Cosa significa questo per chi gestisce un brand o una rete di punti vendita? Significa che la sfida si è spostata su due tavoli cruciali: il refitting d’identità e l’integrazione digitale.

La grande onda del “refitting”: se il prodotto non basta più, serve un’esperienza.

I dati parlano chiaro: accanto alle nuove aperture, le chiusure rimangono limitate. La vera tendenza del 2026 è il rinnovamento dell’esistente: ben 4 aziende su 5 hanno pianificato interventi di refitting (ammodernamento dei locali) e il 64% prevede azioni di riqualificazione dei negozi attuali.

Nel settore abbigliamento-accessori (che sconta una maggiore saturazione del mercato), la percentuale di aziende che punta sul refitting tocca addirittura il 100%.

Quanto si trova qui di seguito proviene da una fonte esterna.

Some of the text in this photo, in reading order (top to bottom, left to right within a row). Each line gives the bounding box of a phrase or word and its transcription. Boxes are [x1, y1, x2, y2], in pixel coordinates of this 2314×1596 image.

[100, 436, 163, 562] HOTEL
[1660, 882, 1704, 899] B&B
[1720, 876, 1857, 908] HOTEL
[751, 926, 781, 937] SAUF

Rinnovare uno spazio fisico (il retail design), oggi, significa tradurre visivamente i valori del brand in uno spazio che sia esperienziale, memorabile e instagrammabile. Il punto vendita, oggi, deve attrarre il consumatore non solo per quello che vende, ma per l’atmosfera che fa vivere.

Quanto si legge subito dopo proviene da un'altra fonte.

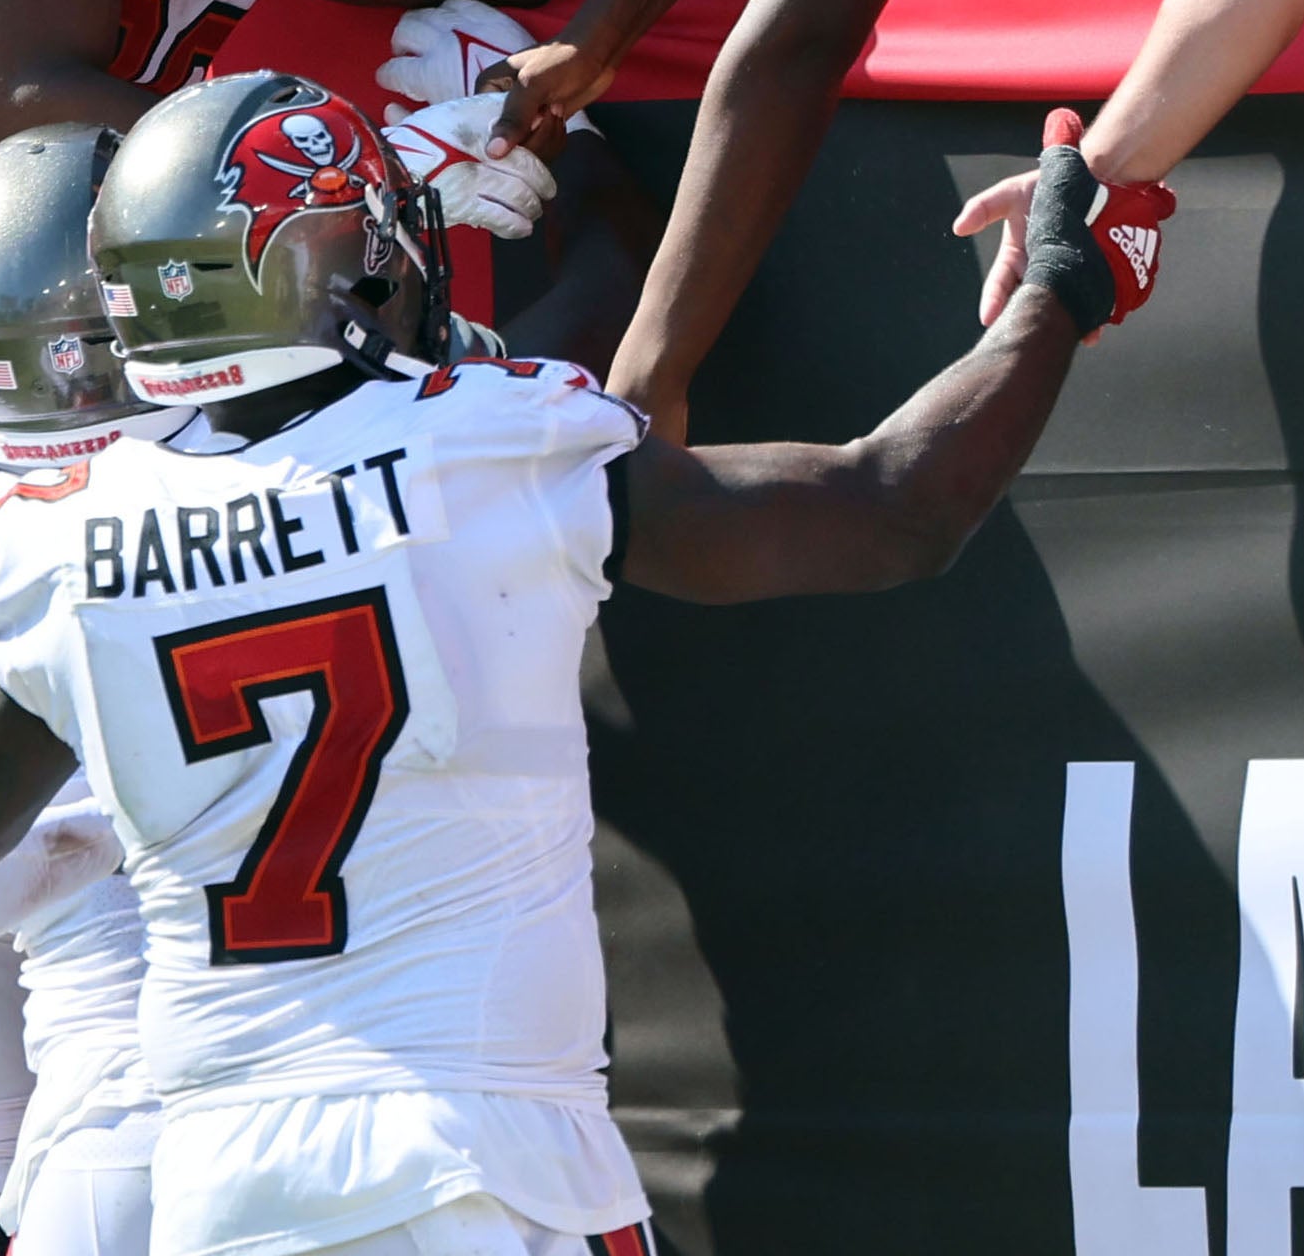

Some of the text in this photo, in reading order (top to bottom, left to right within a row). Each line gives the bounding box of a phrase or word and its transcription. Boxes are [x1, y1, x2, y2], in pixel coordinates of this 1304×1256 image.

[1108, 227, 1149, 290] adidas
[54, 353, 83, 369] NFL
[86, 447, 411, 599] BARRETT
[154, 585, 410, 965] 7

Negozi come hub: l’unione indissolubile tra fisico e digitale.

Un altro pilastro fondamentale emerso dall’analisi di Confimprese è la forte spinta verso una maggiore integrazione tra canali fisici e digitali. I nuovi format commerciali non sono più concepiti come semplici “scatole di vendita”, ma come veri e propri hub di relazione con il cliente.

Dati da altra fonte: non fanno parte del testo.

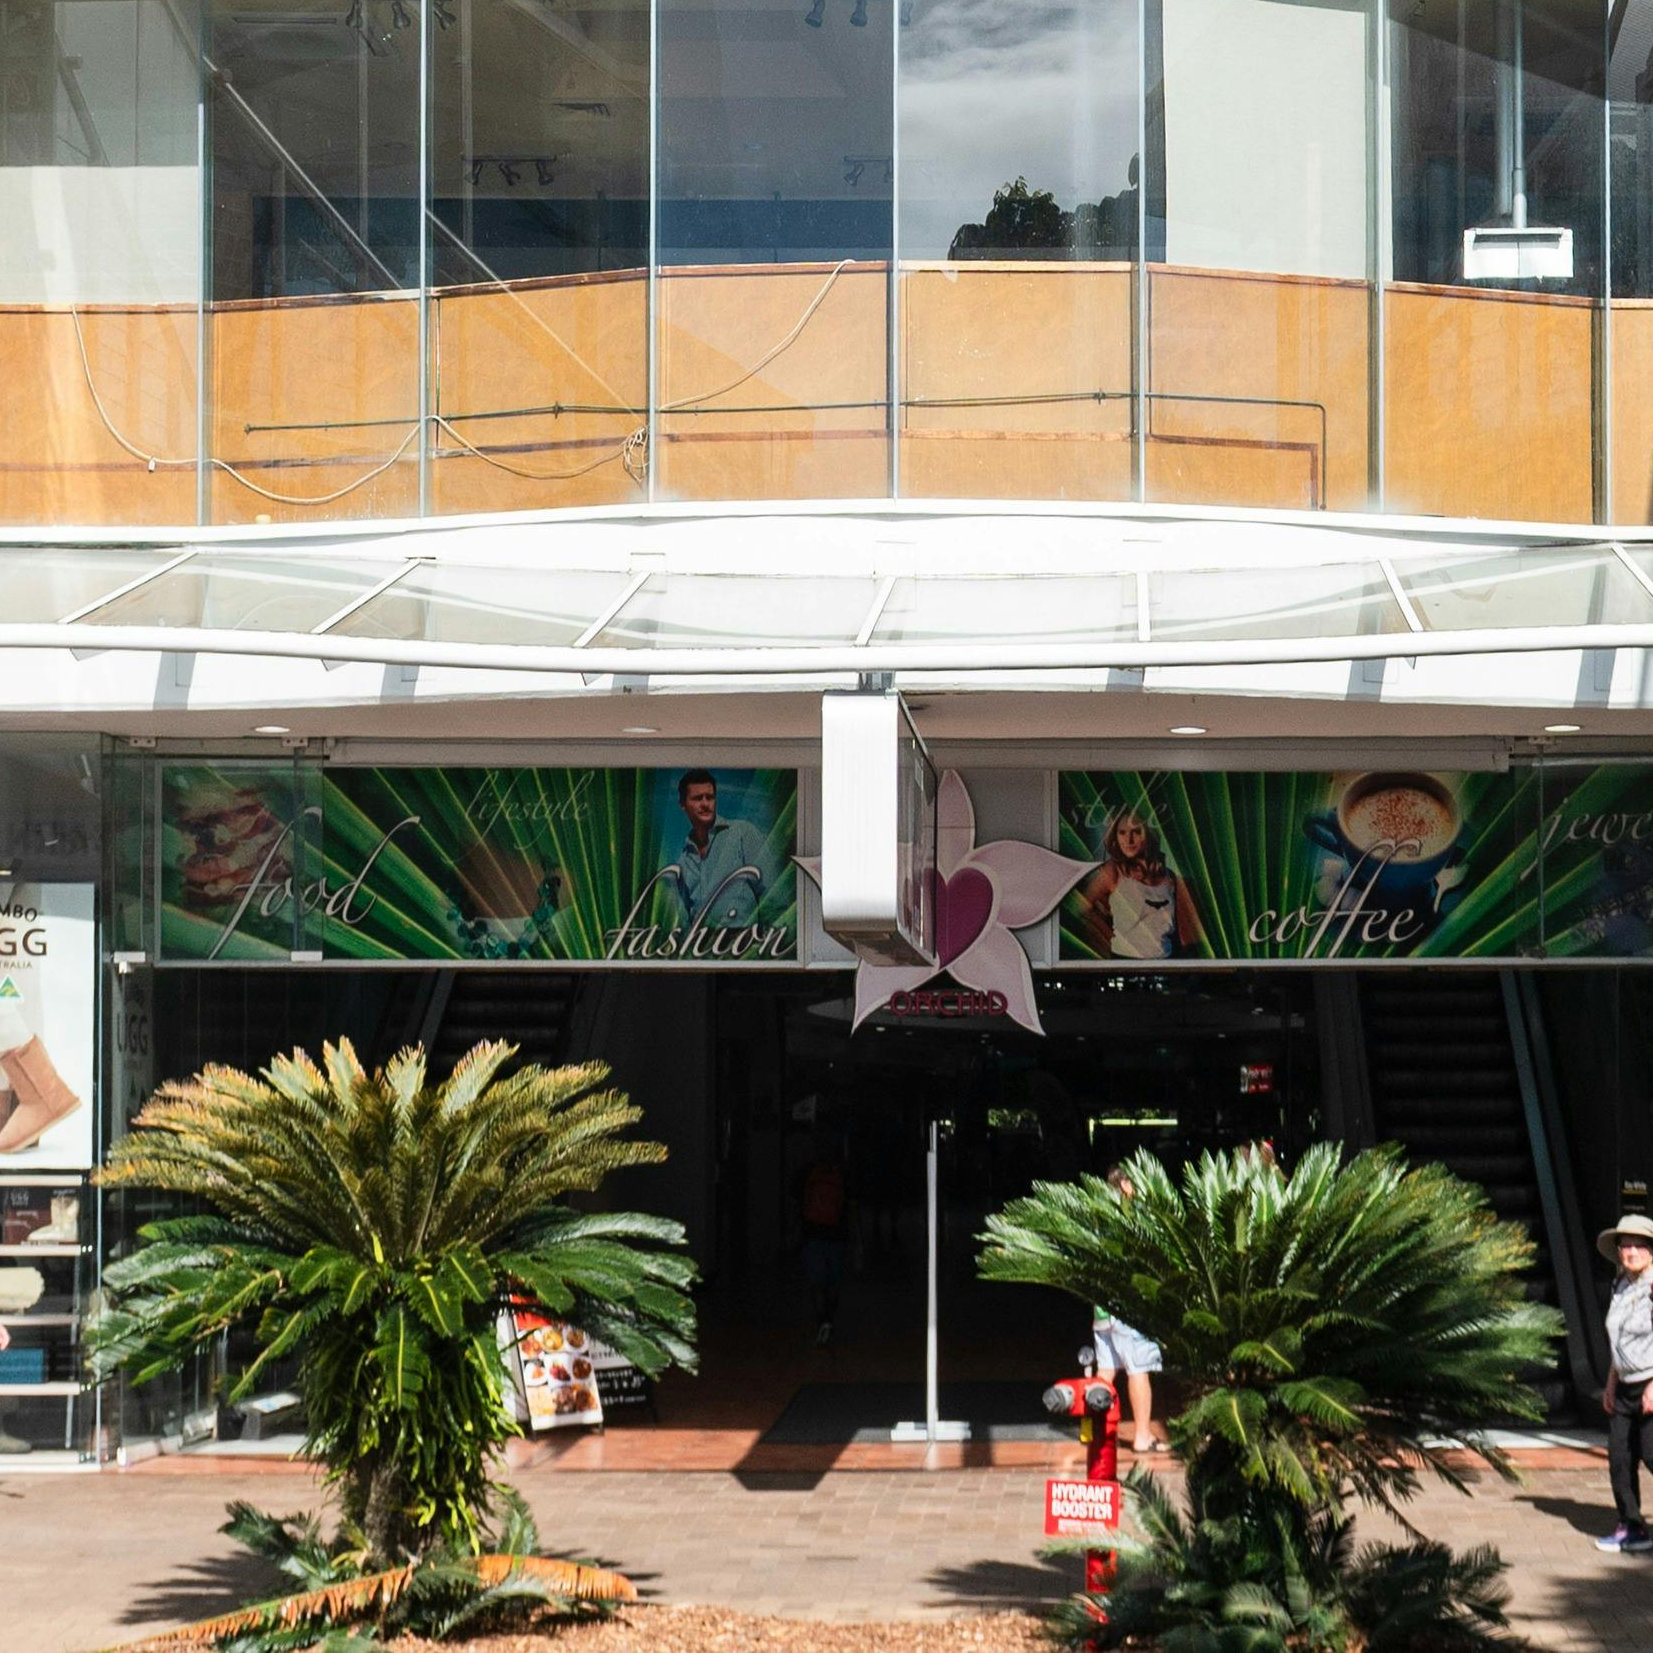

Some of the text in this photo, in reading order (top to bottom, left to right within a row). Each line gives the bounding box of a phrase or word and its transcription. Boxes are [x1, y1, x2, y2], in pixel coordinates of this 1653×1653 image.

[452, 770, 596, 858] lifestyle
[1066, 771, 1175, 854] style
[207, 805, 420, 960] food
[603, 865, 797, 960] fashion
[1248, 838, 1424, 958] coffee
[889, 989, 1009, 1017] ORCHID
[1051, 1482, 1114, 1503] HYDRANT
[1051, 1499, 1113, 1520] BOOSTER

Sia che si scelga il posizionamento nei centri commerciali (canale d’elezione per il 75% dei retailer), sia che si punti sui negozi di prossimità (38%) o sui retail park (28%), il negozio fisico deve dialogare costantemente con l’ecosistema digitale del brand.

Coniugare prudenza e visione: la ricetta per il futuro.

Come ha, giustamente, evidenziato Mario Resca, presidente di Confimprese:

«Le nuove aperture riflettono quindi un retail che cambia pelle: negozi più vicini ai territori, più connessi ai canali digitali e sempre più centrati sui bisogni di un consumatore in trasformazione. È in questa capacità di adattamento che il settore dimostra la propria resilienza. […] La sfida, oggi, è coniugare prudenza e visione: gestire l’incertezza del presente senza rinunciare a costruire le basi della crescita futura».

Grandi player come il Gruppo Teddy o Morellato nel fashion, Burger King nella ristorazione o Arcaplanet e Facile.it, nell’altro retail, stanno già tracciando la strada con piani di sviluppo imponenti.

Per le medie imprese e le reti di vendita che vogliono rimanere competitive, il messaggio è univoco: il mercato premia chi innova. Non serve necessariamente aprire cento nuovi store, serve far fruttare al massimo quelli esistenti, rendendoli digitalmente connessi, visivamente irresistibili e strategicamente posizionati.

Quando ogni touchpoint racconta la stessa storia, il retail smette di essere un luogo di vendita e diventa un ecosistema coerente, riconoscibile e capace di trasformare l’interesse in relazione.

(Fonte: Centro Studi Confimprese / Global Strategy, aprile 2026.)